### INPUT
+ + +

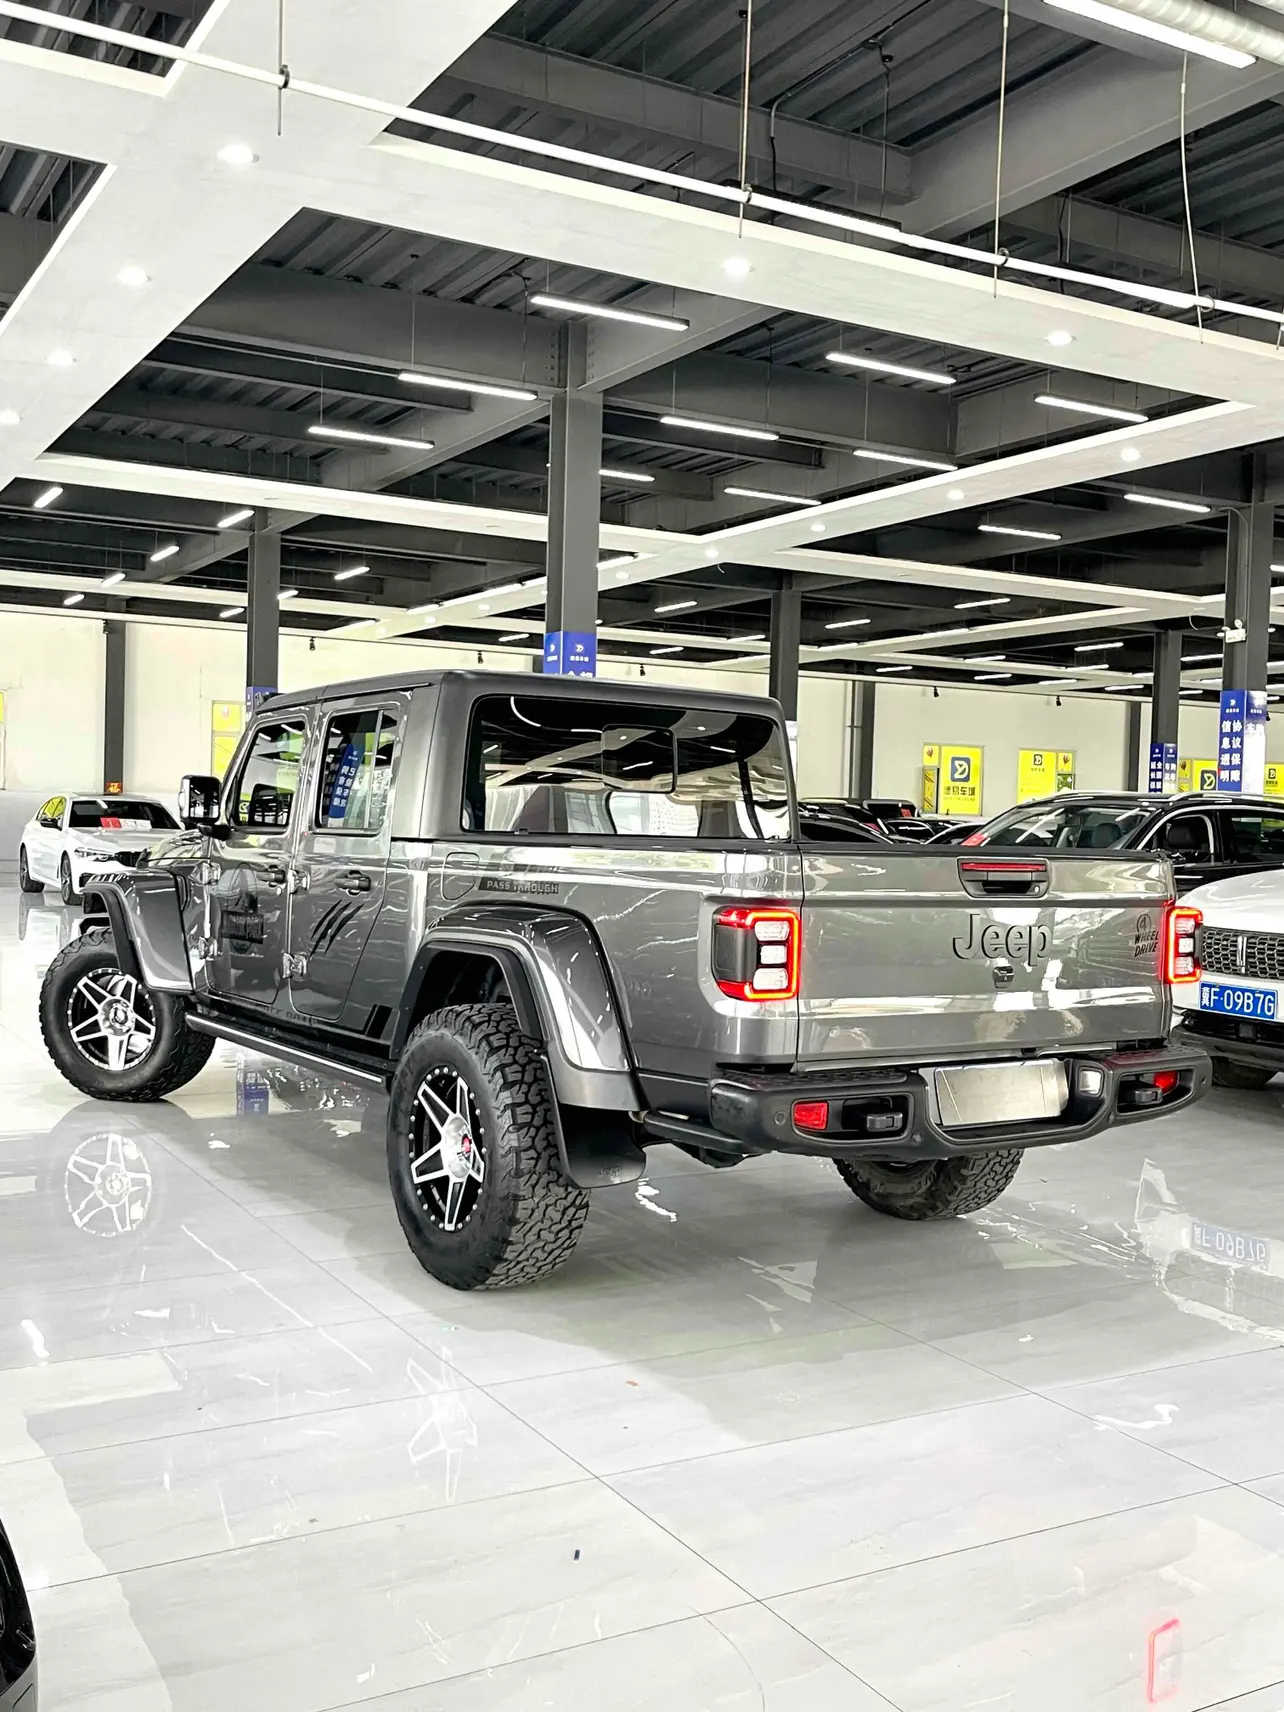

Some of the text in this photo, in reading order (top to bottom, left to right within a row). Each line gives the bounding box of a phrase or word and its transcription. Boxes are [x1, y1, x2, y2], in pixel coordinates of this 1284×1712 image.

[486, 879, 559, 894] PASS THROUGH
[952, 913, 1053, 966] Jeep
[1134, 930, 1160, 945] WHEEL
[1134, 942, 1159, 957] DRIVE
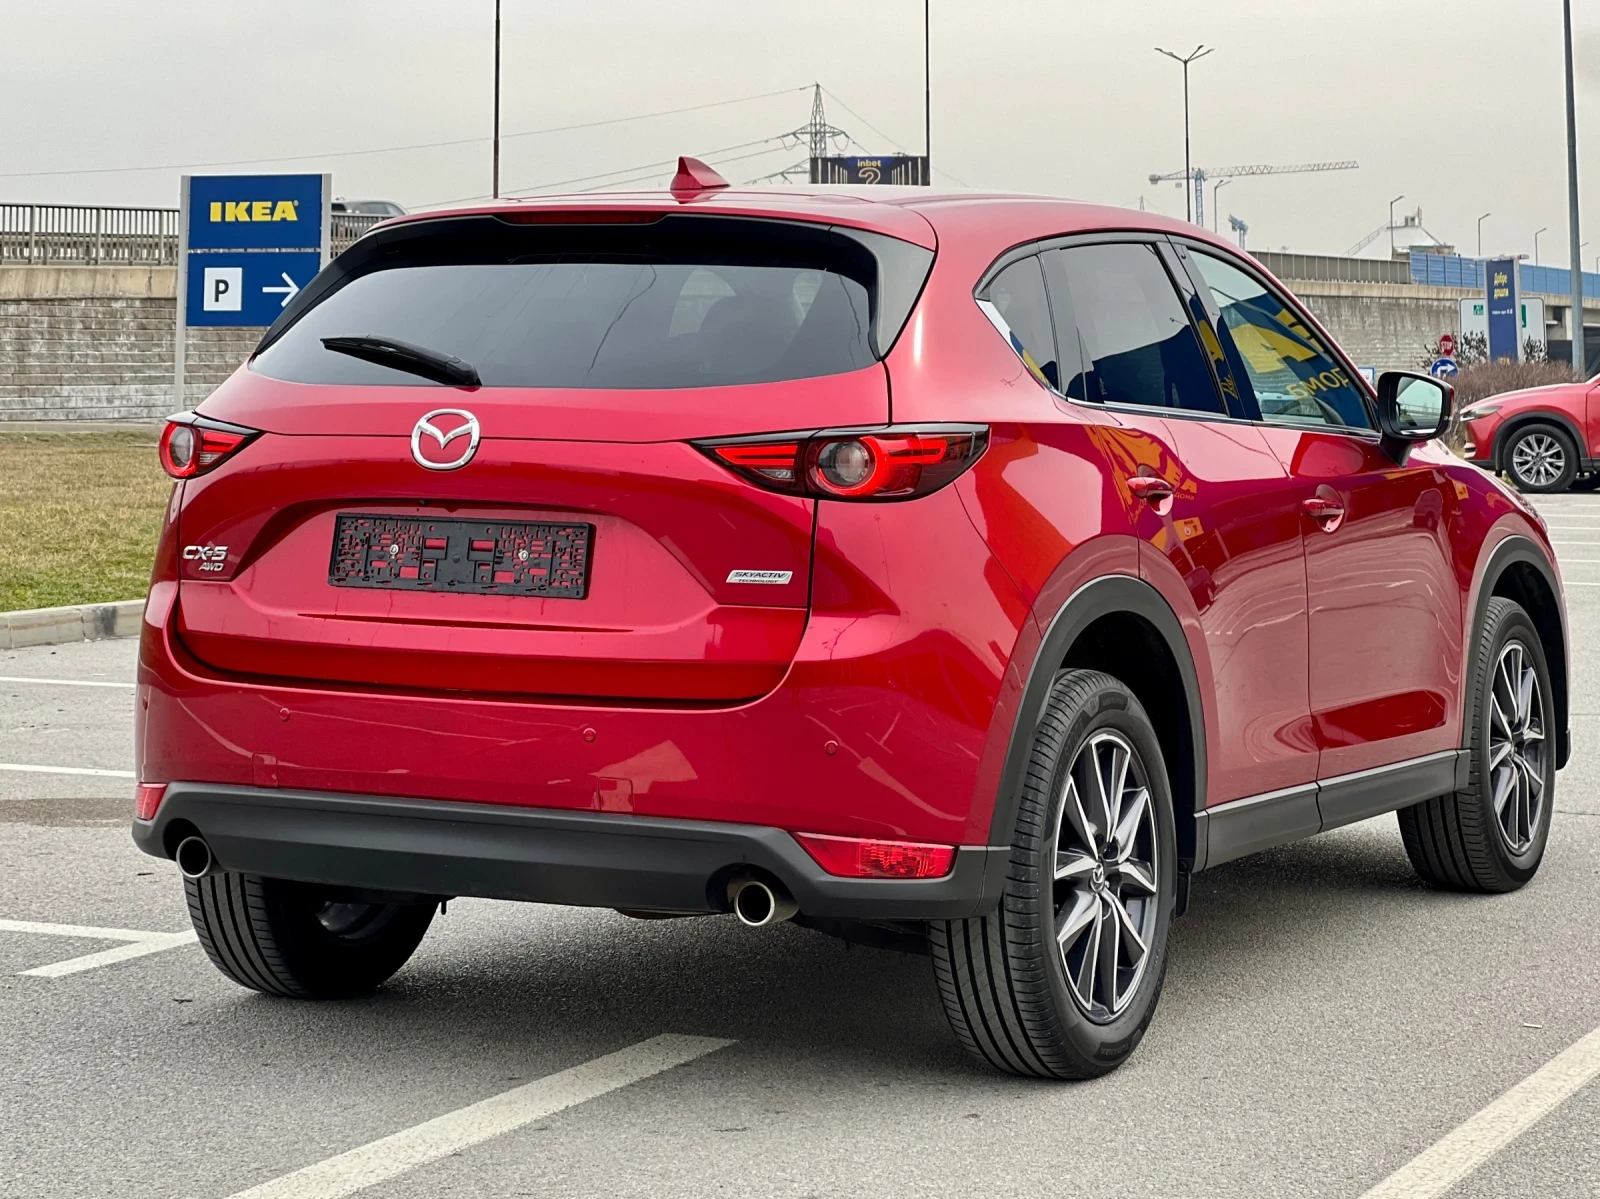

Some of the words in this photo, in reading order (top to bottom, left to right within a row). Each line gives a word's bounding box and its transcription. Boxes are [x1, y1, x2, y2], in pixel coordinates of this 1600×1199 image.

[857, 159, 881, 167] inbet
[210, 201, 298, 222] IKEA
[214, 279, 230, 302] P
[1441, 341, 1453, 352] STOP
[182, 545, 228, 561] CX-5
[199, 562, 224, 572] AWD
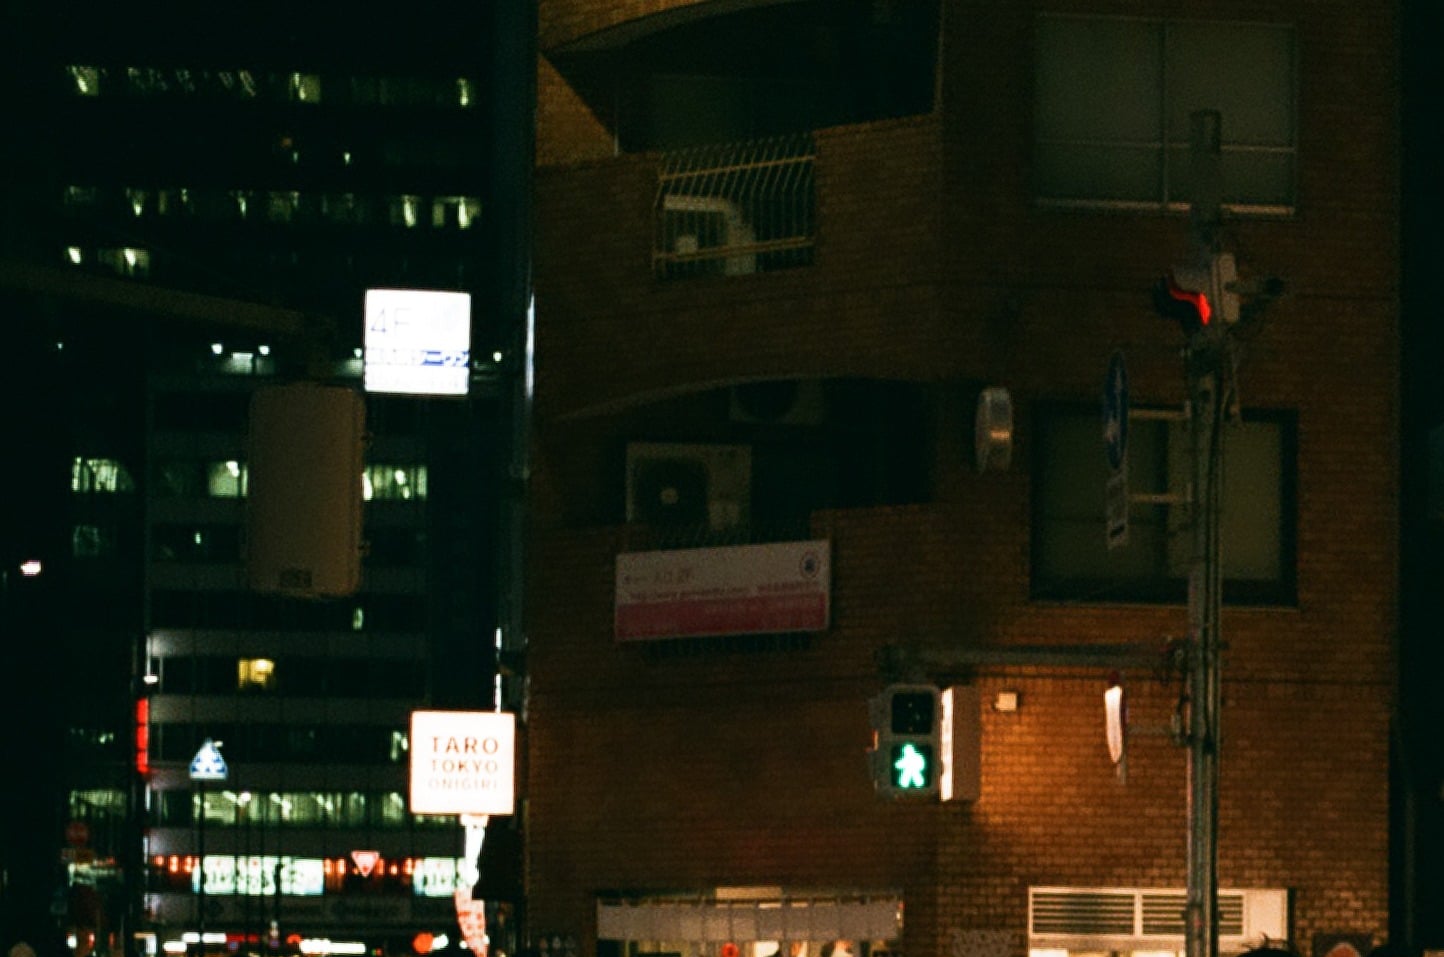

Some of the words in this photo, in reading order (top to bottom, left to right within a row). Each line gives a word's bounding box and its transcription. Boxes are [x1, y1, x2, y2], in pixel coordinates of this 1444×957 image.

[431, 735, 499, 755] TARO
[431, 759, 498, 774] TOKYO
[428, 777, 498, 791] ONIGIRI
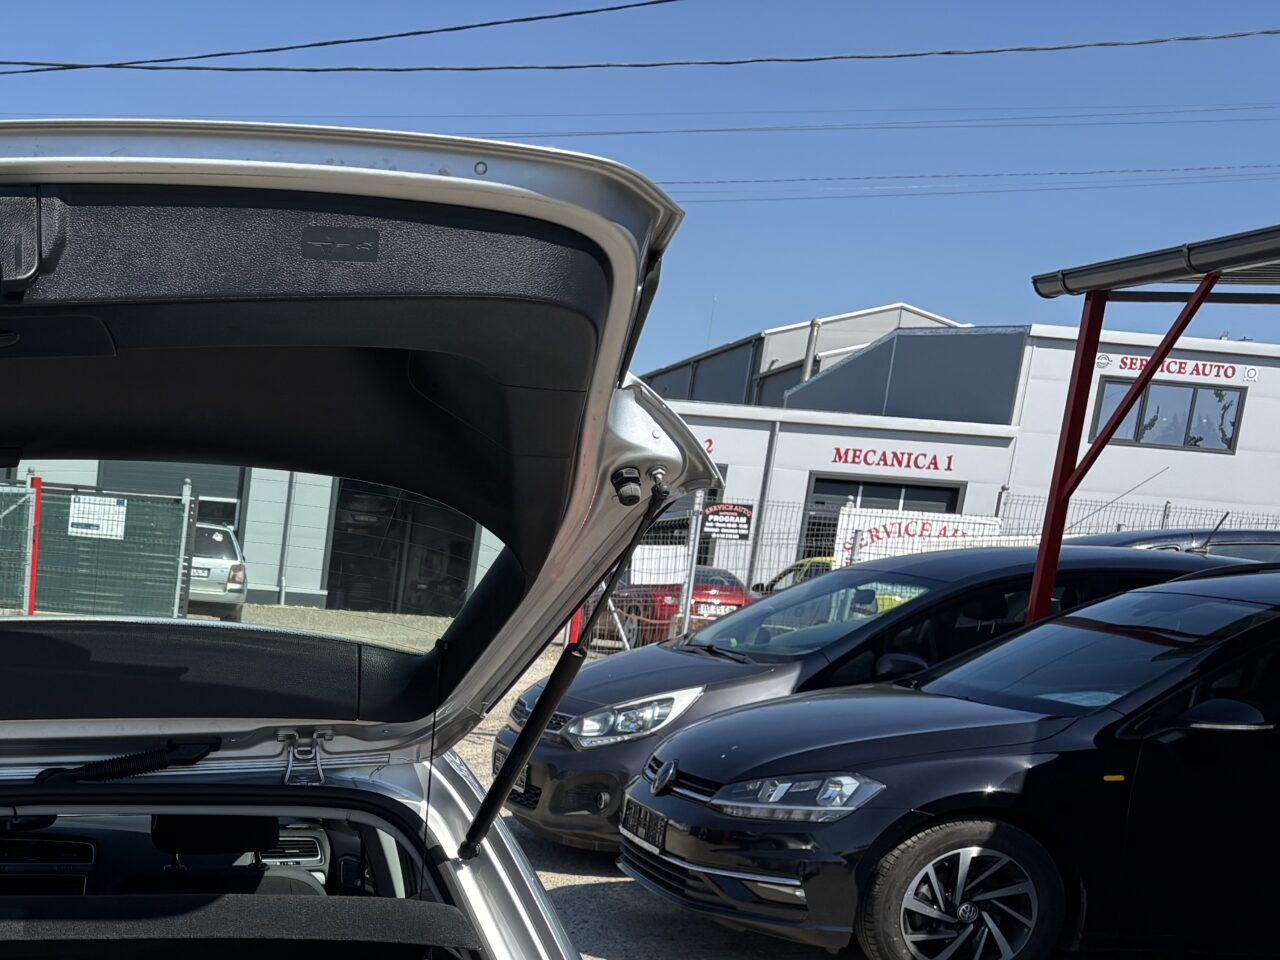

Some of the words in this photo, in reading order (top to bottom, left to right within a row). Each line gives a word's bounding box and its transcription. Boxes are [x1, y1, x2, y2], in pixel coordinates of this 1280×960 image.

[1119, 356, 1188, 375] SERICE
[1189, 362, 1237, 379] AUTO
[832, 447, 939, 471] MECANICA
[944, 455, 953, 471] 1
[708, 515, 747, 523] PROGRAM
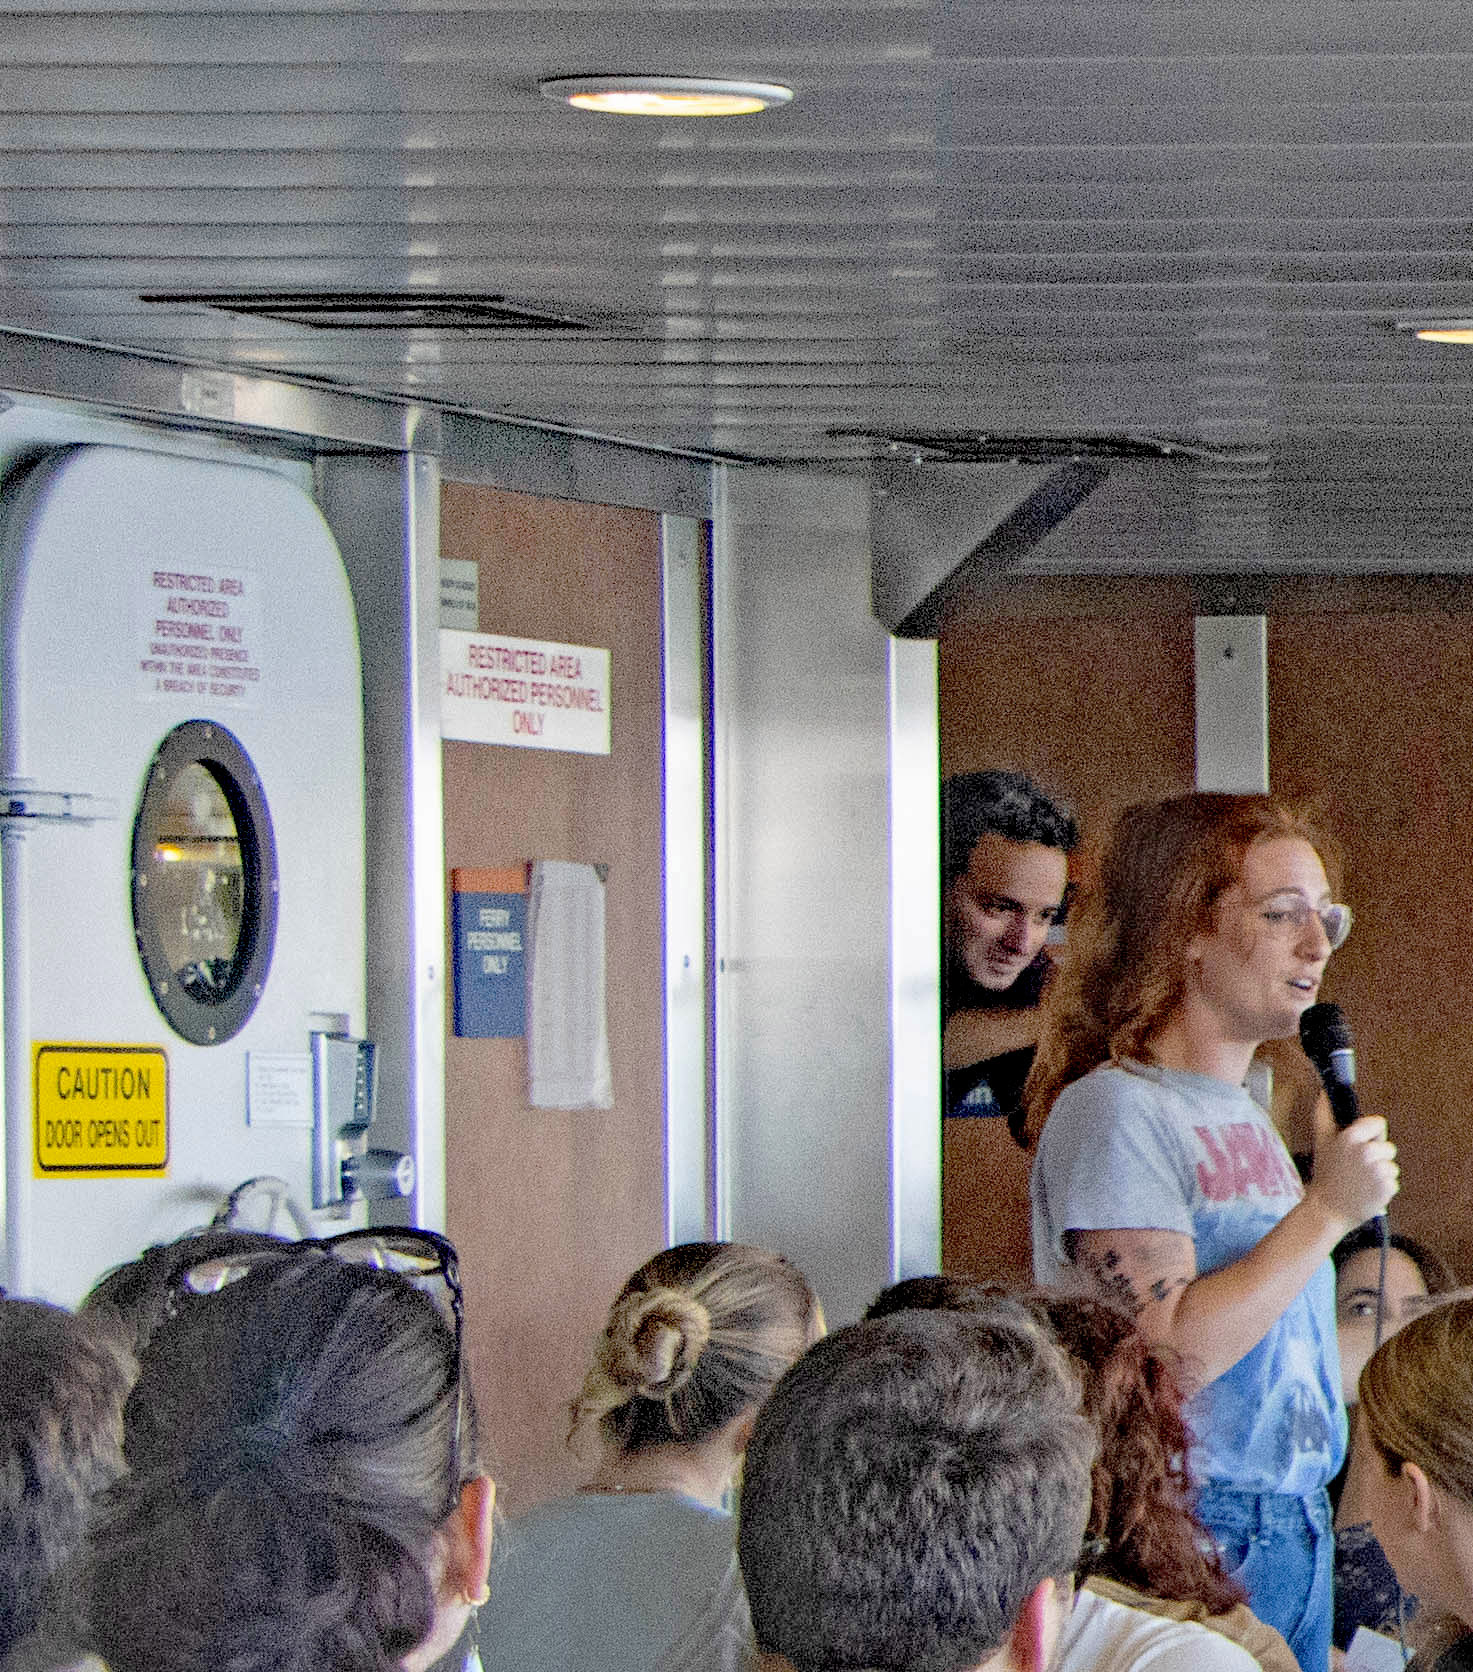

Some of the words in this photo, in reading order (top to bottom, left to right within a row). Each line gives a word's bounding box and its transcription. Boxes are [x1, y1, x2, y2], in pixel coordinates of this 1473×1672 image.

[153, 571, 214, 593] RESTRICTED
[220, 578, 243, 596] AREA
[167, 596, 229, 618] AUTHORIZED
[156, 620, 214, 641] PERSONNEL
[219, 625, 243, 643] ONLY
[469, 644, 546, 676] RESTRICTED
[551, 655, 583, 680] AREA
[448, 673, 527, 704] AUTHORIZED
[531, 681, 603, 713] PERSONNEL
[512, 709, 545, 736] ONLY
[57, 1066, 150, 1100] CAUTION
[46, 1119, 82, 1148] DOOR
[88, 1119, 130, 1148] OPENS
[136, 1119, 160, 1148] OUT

+ + +

Once the pictures are set aside, transcribe the remaining lines above exactly.

### TASK OUTPUT
Some of the text in this photo, in reading order (top to bottom, left to right within a row). Each line gives the bounding box of a phrase or word and its transcription. Boxes are [x1, y1, x2, y2], in pixel coordinates of this 1284×1712 image.

[486, 879, 559, 894] PASS THROUGH
[952, 913, 1053, 966] Jeep
[1134, 930, 1160, 945] WHEEL
[1134, 942, 1159, 957] DRIVE

Some of the words in this photo, in reading order (top to bottom, left to right within a row). Each line gives a word's bounding box and its transcription. Boxes are [x1, y1, x2, y2], in pixel coordinates of this 1600×1199 image.

[857, 159, 881, 167] inbet
[210, 201, 298, 222] IKEA
[214, 279, 230, 302] P
[1441, 341, 1453, 352] STOP
[182, 545, 228, 561] CX-5
[199, 562, 224, 572] AWD

Some of the words in this photo, in reading order (top to bottom, left to right within a row). Each line gives a word's bounding box and its transcription. Boxes are [x1, y1, x2, y2], in pixel coordinates of this 1444×957 image.

[431, 735, 499, 755] TARO
[431, 759, 498, 774] TOKYO
[428, 777, 498, 791] ONIGIRI

Some of the words in this photo, in reading order (top to bottom, left to right within a row). Each line gives a word's bounding box and its transcription. Boxes are [x1, y1, x2, y2], in pixel coordinates of this 1280×960 image.

[1119, 356, 1188, 375] SERICE
[1189, 362, 1237, 379] AUTO
[832, 447, 939, 471] MECANICA
[944, 455, 953, 471] 1
[708, 515, 747, 523] PROGRAM

Some of the words in this photo, in reading order (top to bottom, left to right within a row). Each line gives a word's bounding box and its transcription. Boxes are [x1, y1, x2, y2], in pixel coordinates of this 1473×1672 image.

[153, 571, 214, 593] RESTRICTED
[220, 578, 243, 596] AREA
[167, 596, 229, 618] AUTHORIZED
[156, 620, 214, 641] PERSONNEL
[219, 625, 243, 643] ONLY
[469, 644, 546, 676] RESTRICTED
[551, 655, 583, 680] AREA
[448, 673, 527, 704] AUTHORIZED
[531, 681, 603, 713] PERSONNEL
[512, 709, 545, 736] ONLY
[57, 1066, 150, 1100] CAUTION
[46, 1119, 82, 1148] DOOR
[88, 1119, 130, 1148] OPENS
[136, 1119, 160, 1148] OUT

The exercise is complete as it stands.